-- Data shown follows --

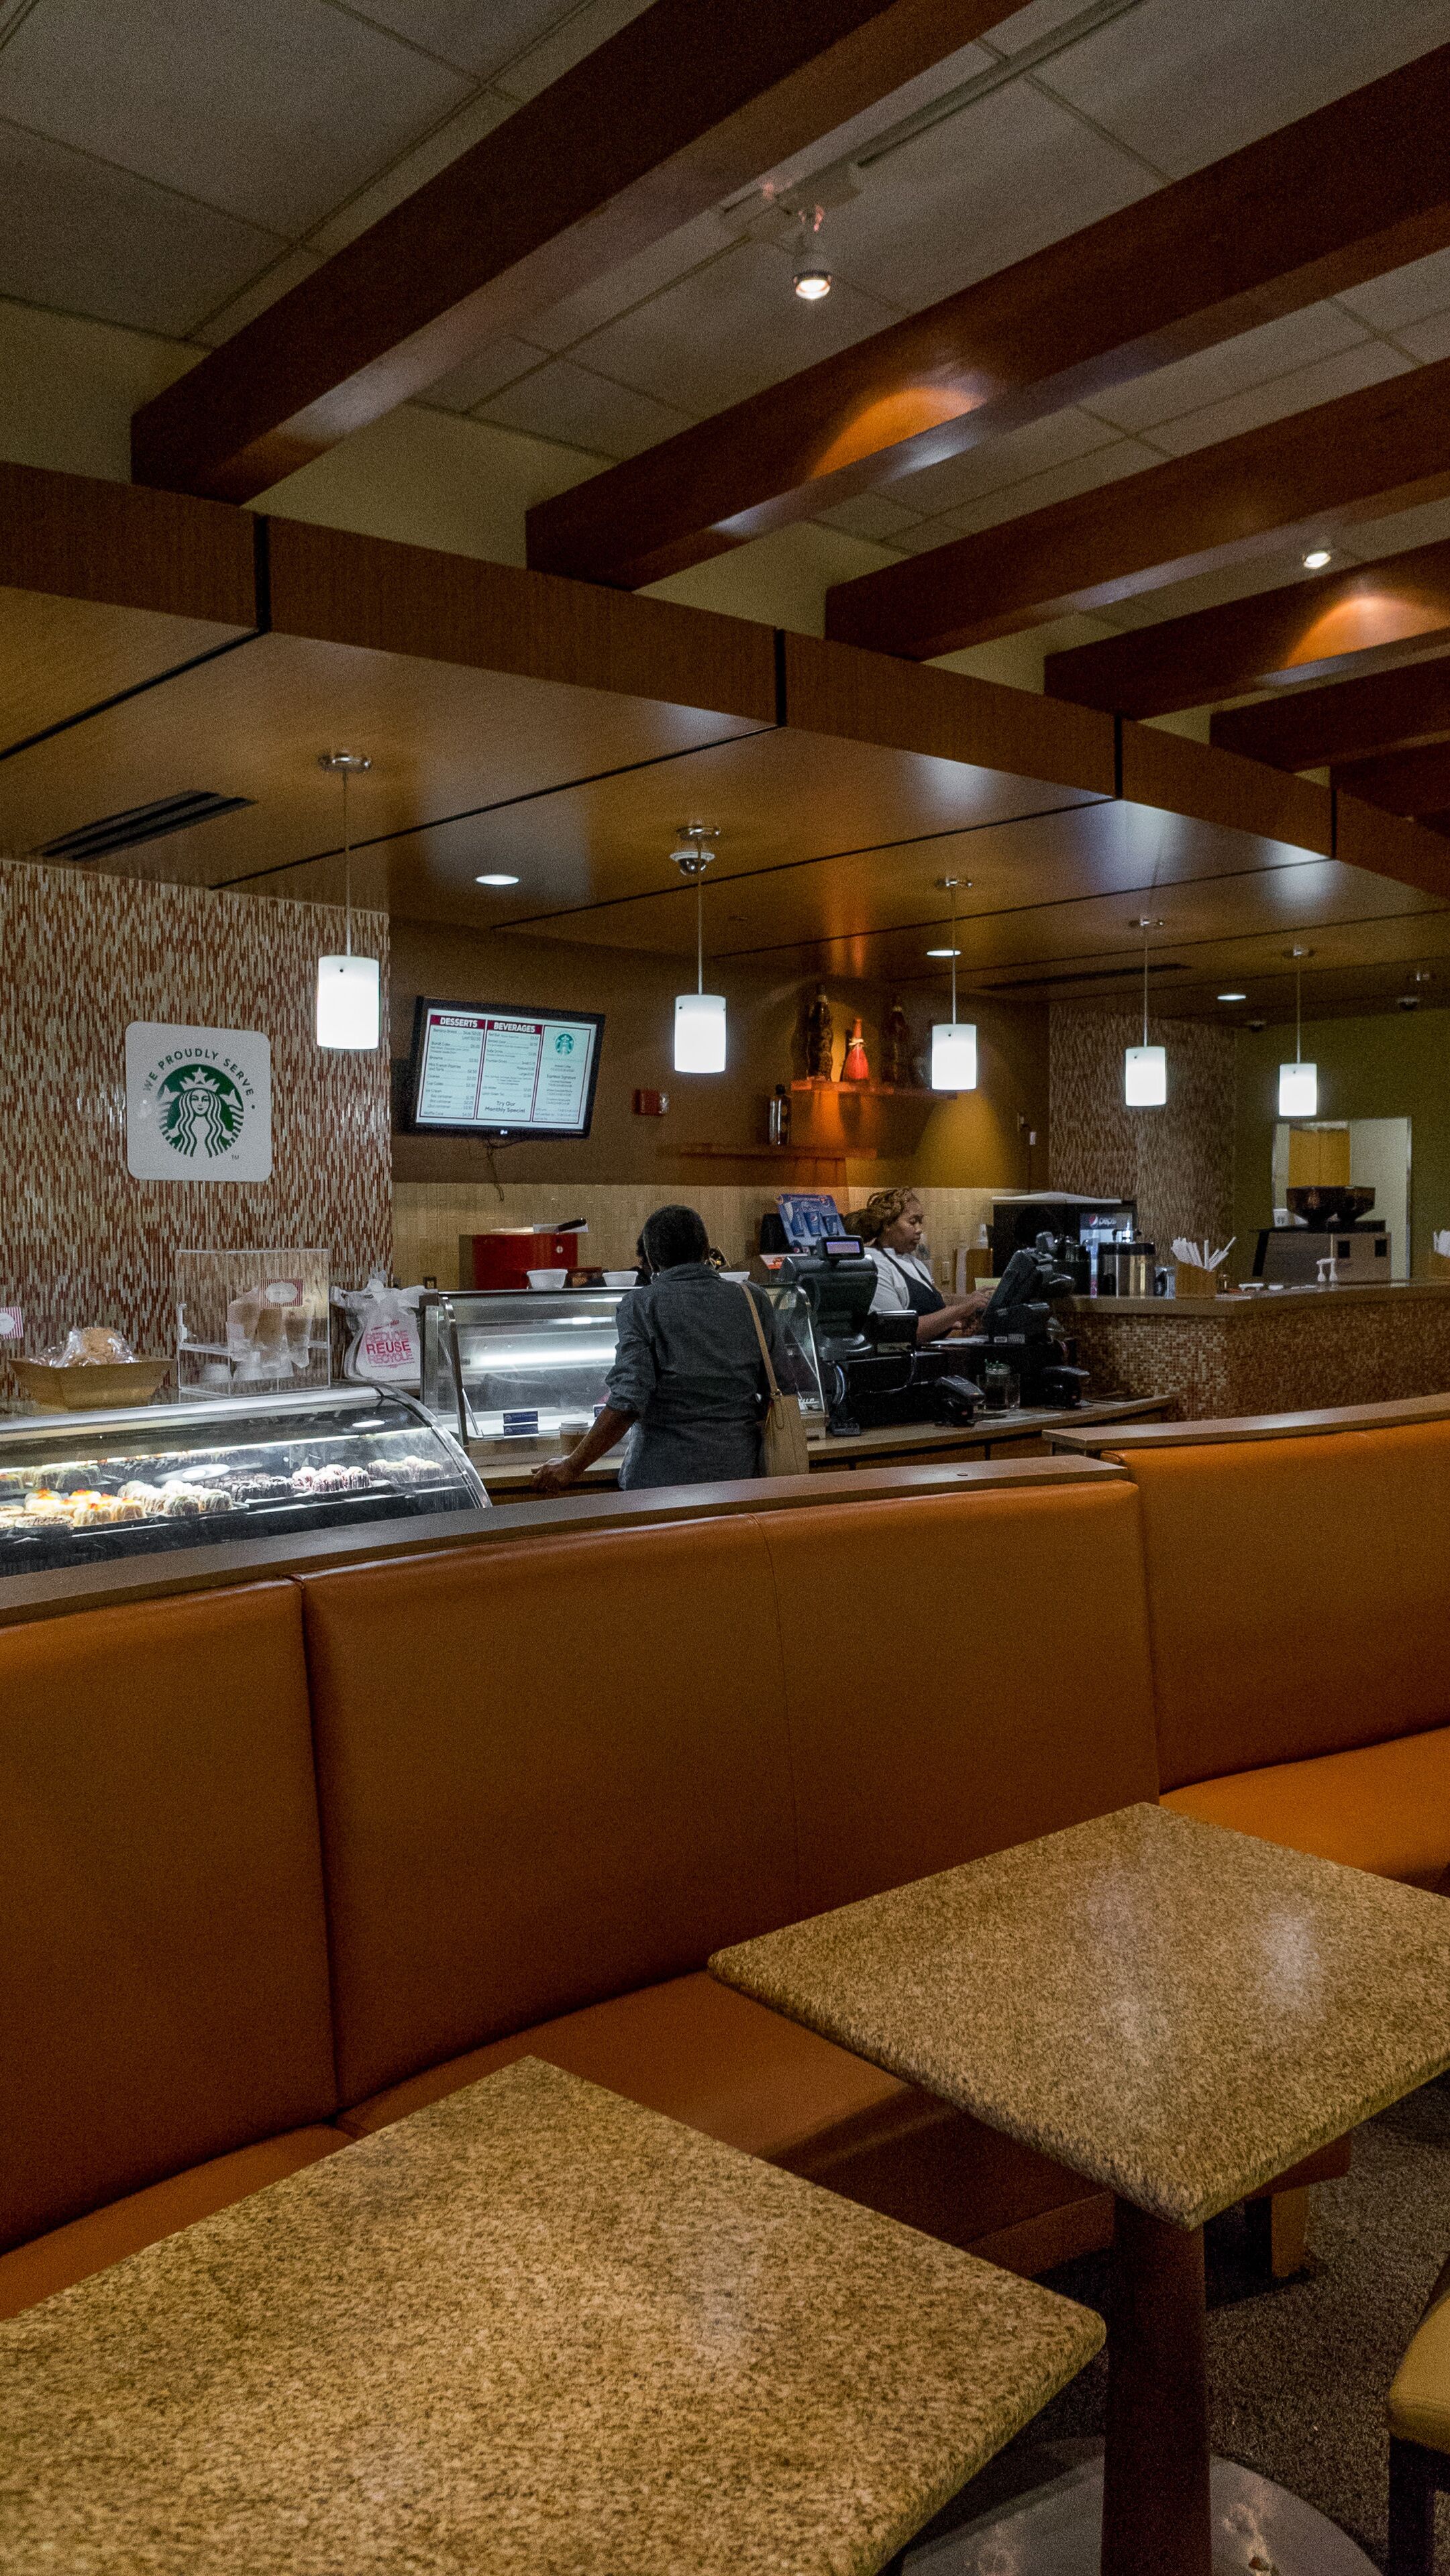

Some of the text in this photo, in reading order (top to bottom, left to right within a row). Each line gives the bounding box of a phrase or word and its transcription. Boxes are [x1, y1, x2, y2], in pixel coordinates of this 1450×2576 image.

[439, 1017, 478, 1028] DESSERTS
[493, 1022, 535, 1032] BEVERAGES
[142, 1048, 254, 1097] WE PROUDLY SERVE
[366, 1340, 411, 1355] REUSE
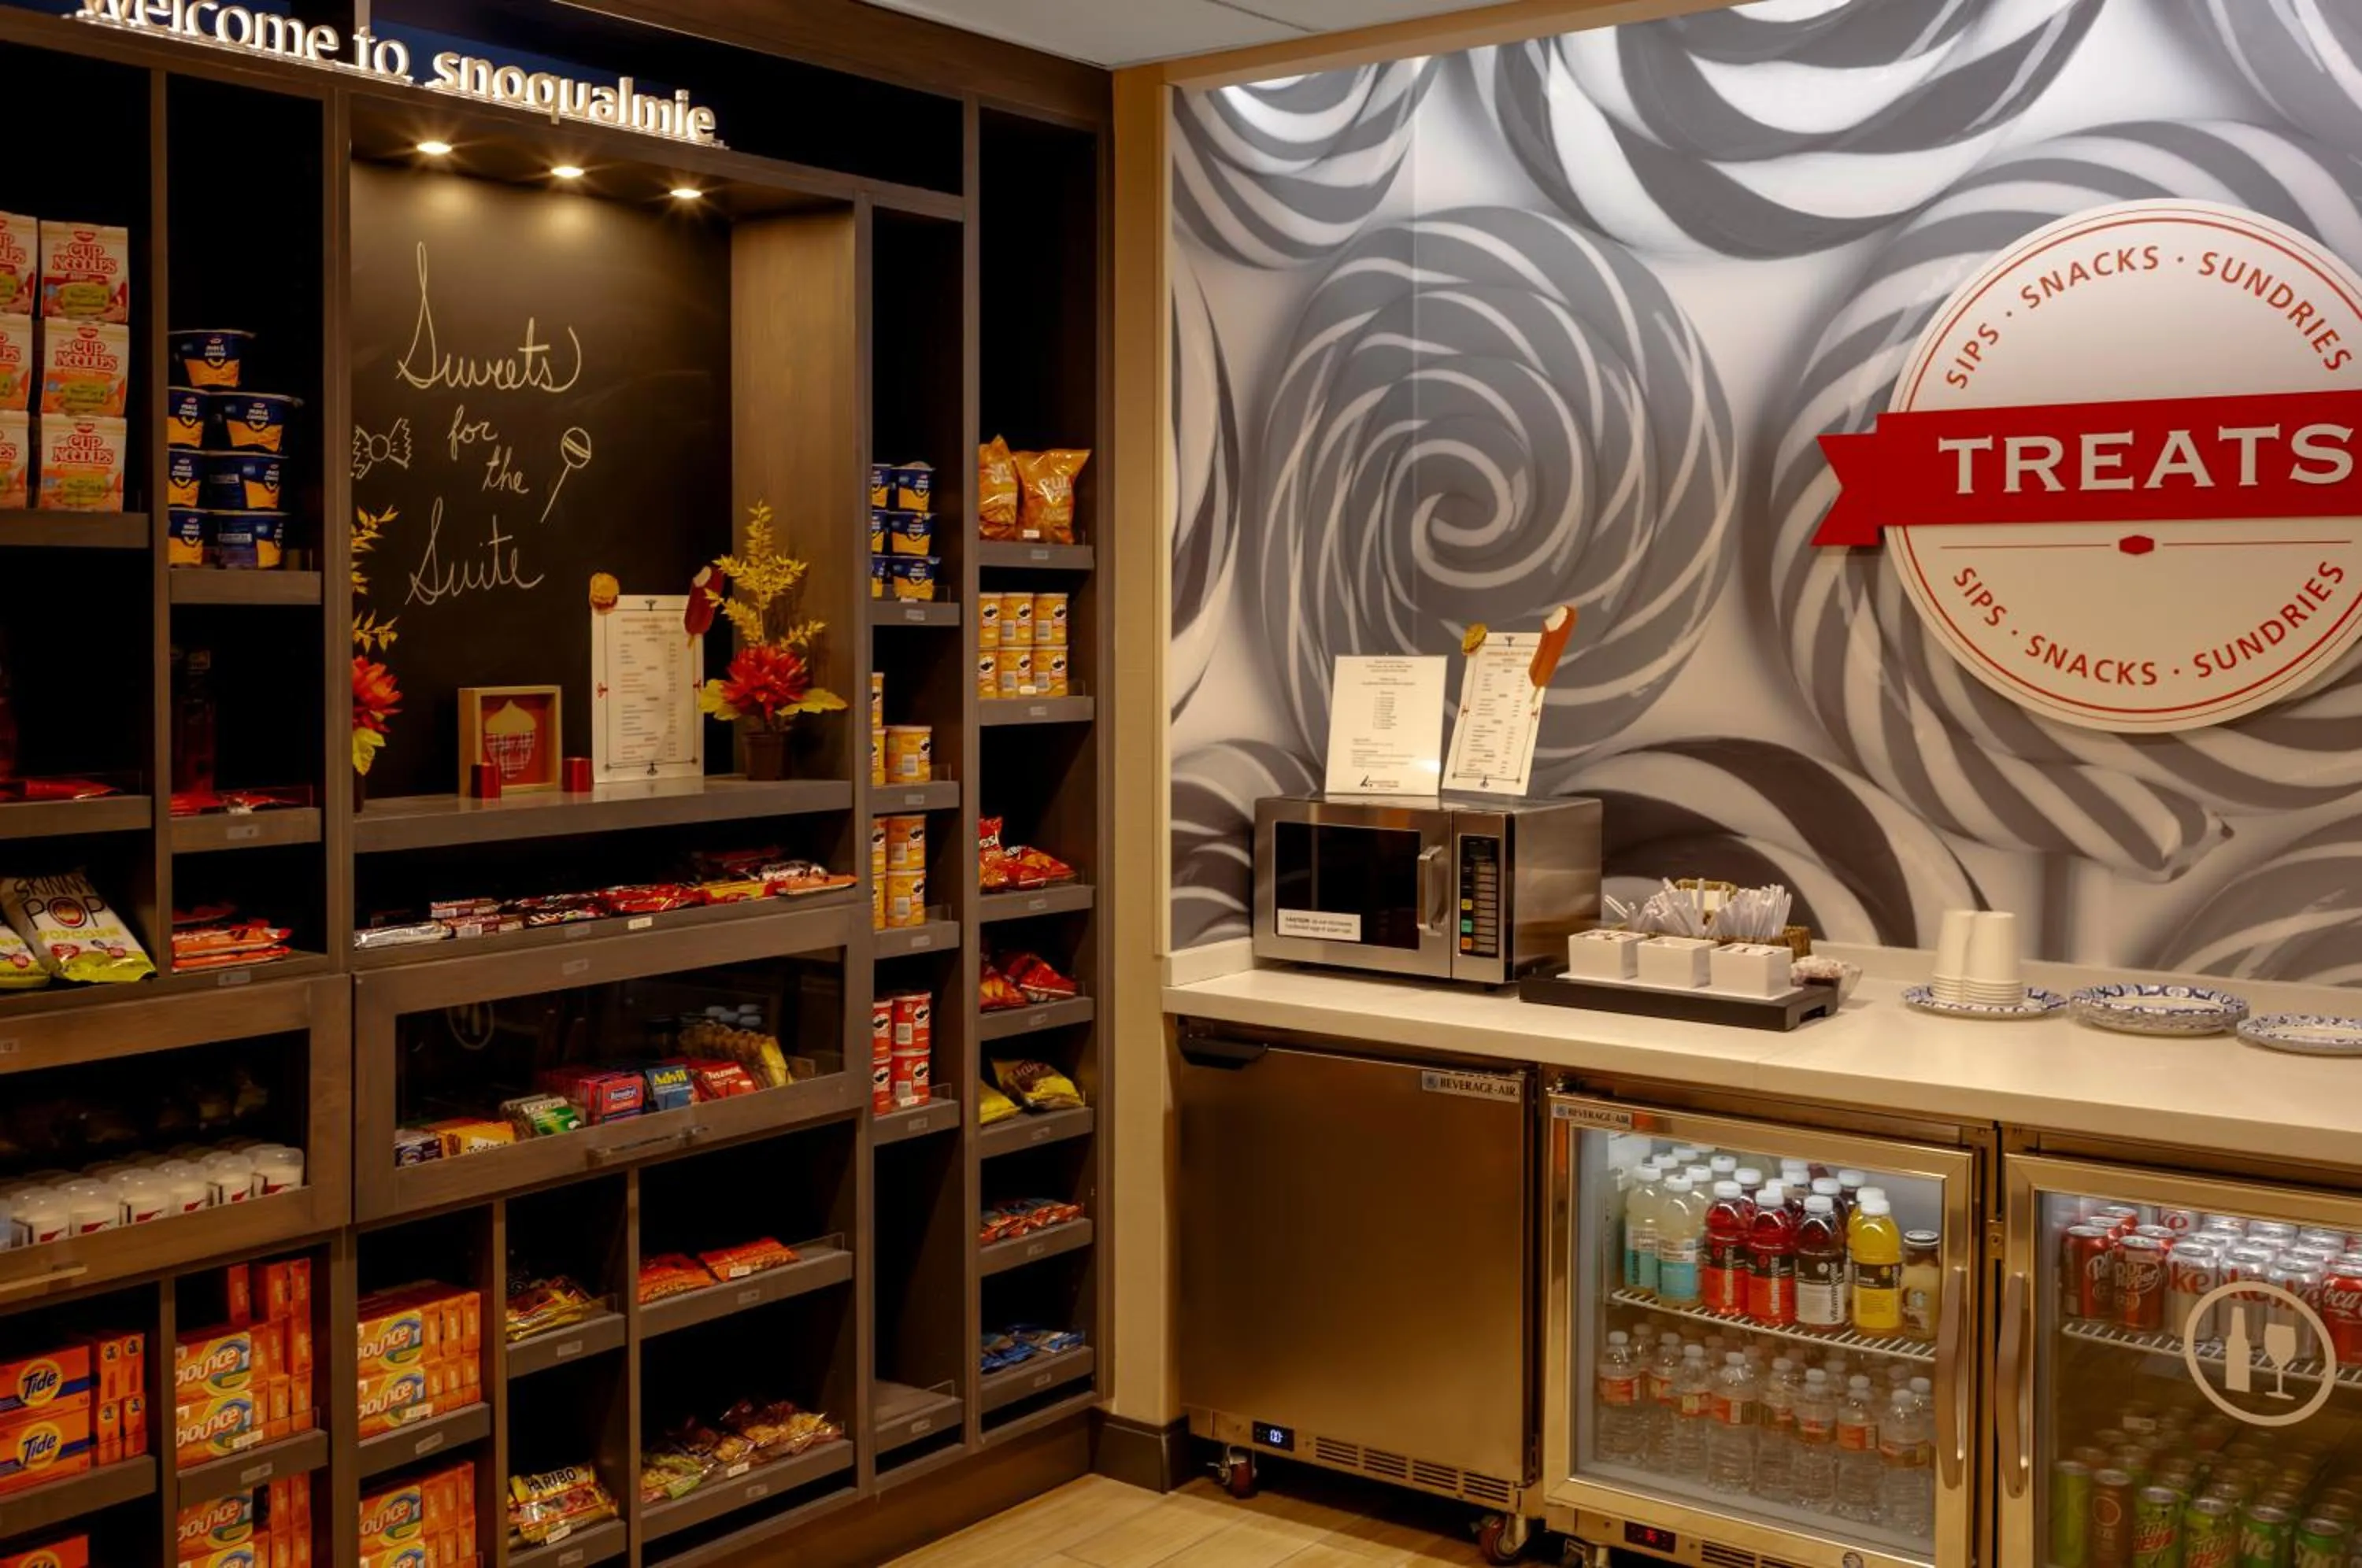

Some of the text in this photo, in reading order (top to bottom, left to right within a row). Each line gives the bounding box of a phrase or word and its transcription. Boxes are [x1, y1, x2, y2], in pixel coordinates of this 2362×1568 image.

[353, 26, 410, 76] to
[431, 50, 718, 143] snoqualmie
[395, 241, 583, 393] Sweets
[1946, 246, 2353, 389] SIPS SNACKS SUNDRIES
[448, 405, 498, 460] for
[482, 445, 530, 494] the
[1938, 423, 2355, 494] TREATS
[404, 497, 545, 605] Suite
[1953, 560, 2345, 686] SIPS SNACKS SUNDRIES
[13, 872, 94, 900] SKINNY
[22, 896, 106, 930] POP
[654, 1069, 687, 1085] Advil
[1439, 1076, 1516, 1096] BEVERAGE-AIR
[23, 1369, 57, 1400] Tide
[23, 1433, 57, 1465] Tide
[528, 1468, 576, 1492] HARIBO
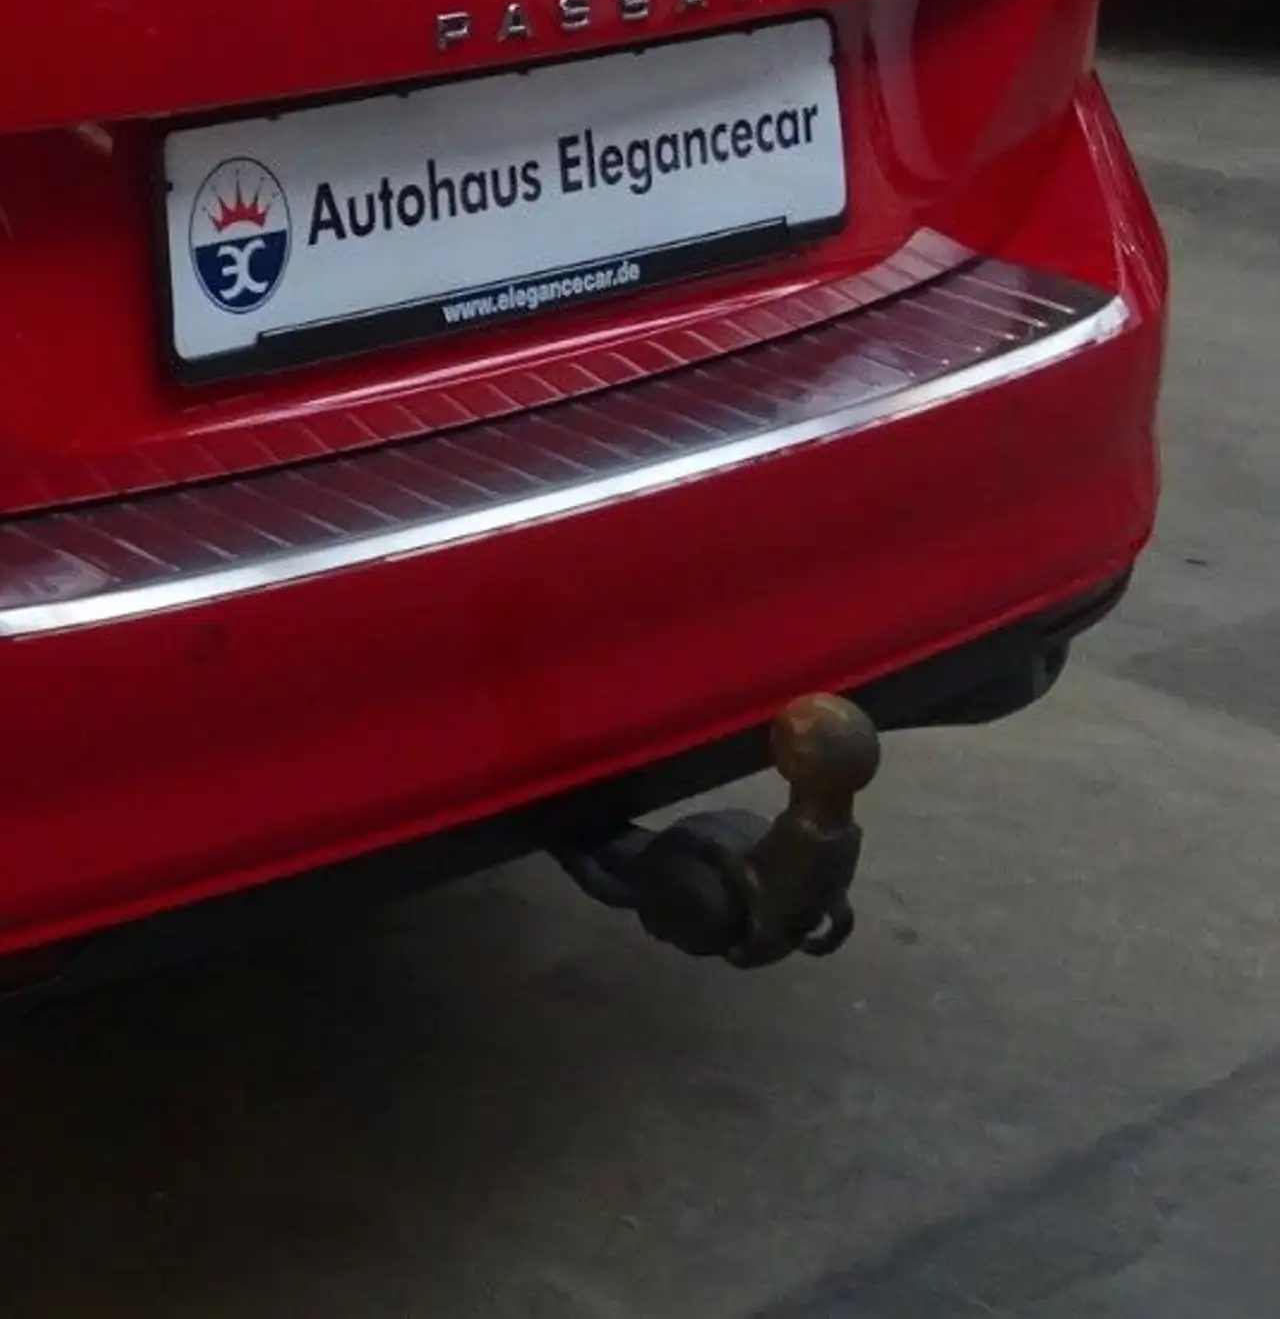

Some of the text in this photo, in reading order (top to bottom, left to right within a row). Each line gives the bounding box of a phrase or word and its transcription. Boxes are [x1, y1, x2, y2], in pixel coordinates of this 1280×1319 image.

-- Data shown concluded --

● **Problem to work on**: Leaving the pictures out, output the material exactly as it appears.

● **The completed task**:
Some of the text in this photo, in reading order (top to bottom, left to right within a row). Each line gives the bounding box of a phrase or word and its transcription. Boxes are [x1, y1, x2, y2], in pixel coordinates of this 1450×2576 image.

[439, 1017, 478, 1028] DESSERTS
[493, 1022, 535, 1032] BEVERAGES
[142, 1048, 254, 1097] WE PROUDLY SERVE
[366, 1340, 411, 1355] REUSE

Some of the text in this photo, in reading order (top to bottom, left to right within a row). Each line gives the bounding box of a phrase or word and its transcription. Boxes are [x1, y1, x2, y2], in pixel coordinates of this 2362×1568 image.

[353, 26, 410, 76] to
[431, 50, 718, 143] snoqualmie
[395, 241, 583, 393] Sweets
[1946, 246, 2353, 389] SIPS SNACKS SUNDRIES
[448, 405, 498, 460] for
[482, 445, 530, 494] the
[1938, 423, 2355, 494] TREATS
[404, 497, 545, 605] Suite
[1953, 560, 2345, 686] SIPS SNACKS SUNDRIES
[13, 872, 94, 900] SKINNY
[22, 896, 106, 930] POP
[654, 1069, 687, 1085] Advil
[1439, 1076, 1516, 1096] BEVERAGE-AIR
[23, 1369, 57, 1400] Tide
[23, 1433, 57, 1465] Tide
[528, 1468, 576, 1492] HARIBO

Some of the text in this photo, in reading order (top to bottom, left to right within a row). Each line gives the bounding box of a phrase or word and its transcription. Boxes are [x1, y1, x2, y2], in pixel coordinates of this 1280×1319 image.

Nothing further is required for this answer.